Records for this task:
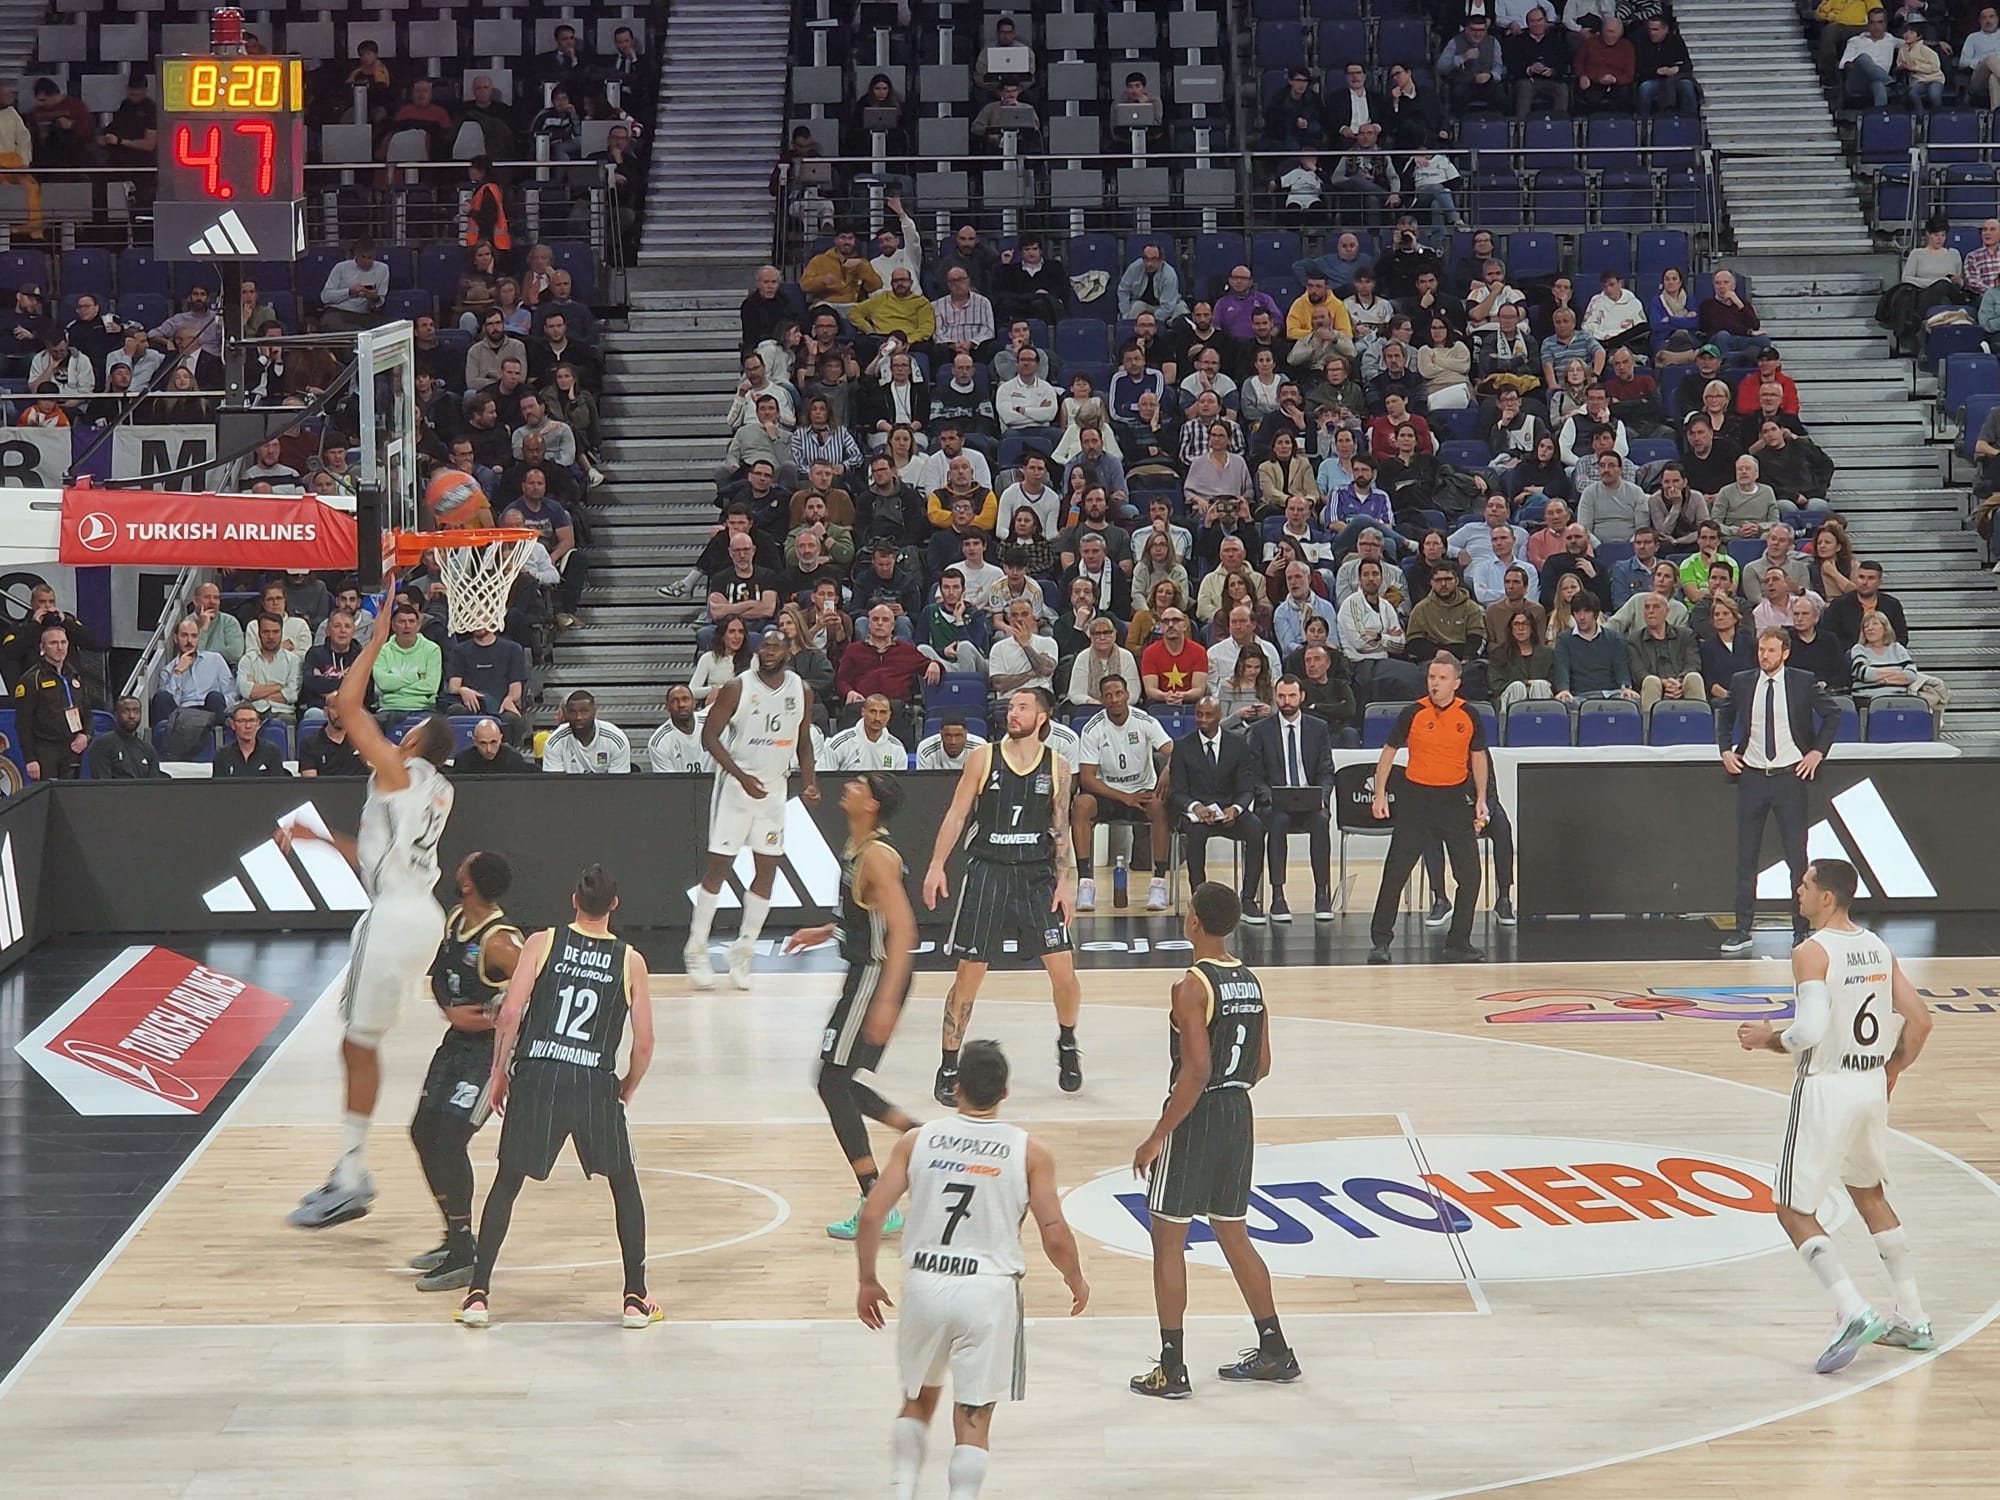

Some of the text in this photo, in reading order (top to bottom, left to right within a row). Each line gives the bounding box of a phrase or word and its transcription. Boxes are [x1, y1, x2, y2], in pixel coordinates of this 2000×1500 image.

[191, 65, 281, 106] 8:20
[178, 123, 273, 198] 4.7
[126, 523, 316, 541] TURKISH AIRLINES
[764, 713, 782, 733] 16
[1119, 753, 1127, 769] 8
[1011, 805, 1023, 826] 7
[989, 833, 1041, 845] SKWEEK
[563, 945, 612, 969] DE COLO
[118, 965, 248, 1066] TURKISH AIRLINES
[554, 985, 598, 1041] 12
[1853, 992, 1879, 1046] 6
[929, 1134, 1011, 1159] CAMPAZZO
[941, 1182, 976, 1246] 7
[912, 1251, 980, 1275] MADRID

Problem description:
Transcribe the material exactly, and leave out whatever pictures it holds.

Result of this task:
Some of the text in this photo, in reading order (top to bottom, left to right within a row). Each line gives the bounding box of a phrase or word and its transcription. Boxes are [x1, y1, x2, y2], in pixel coordinates of this 2000×1500 image.

[191, 65, 281, 106] 8:20
[178, 123, 273, 198] 4.7
[126, 523, 316, 541] TURKISH AIRLINES
[764, 713, 782, 733] 16
[1119, 753, 1127, 769] 8
[1011, 805, 1023, 826] 7
[989, 833, 1041, 845] SKWEEK
[563, 945, 612, 969] DE COLO
[118, 965, 248, 1066] TURKISH AIRLINES
[554, 985, 598, 1041] 12
[1853, 992, 1879, 1046] 6
[929, 1134, 1011, 1159] CAMPAZZO
[941, 1182, 976, 1246] 7
[912, 1251, 980, 1275] MADRID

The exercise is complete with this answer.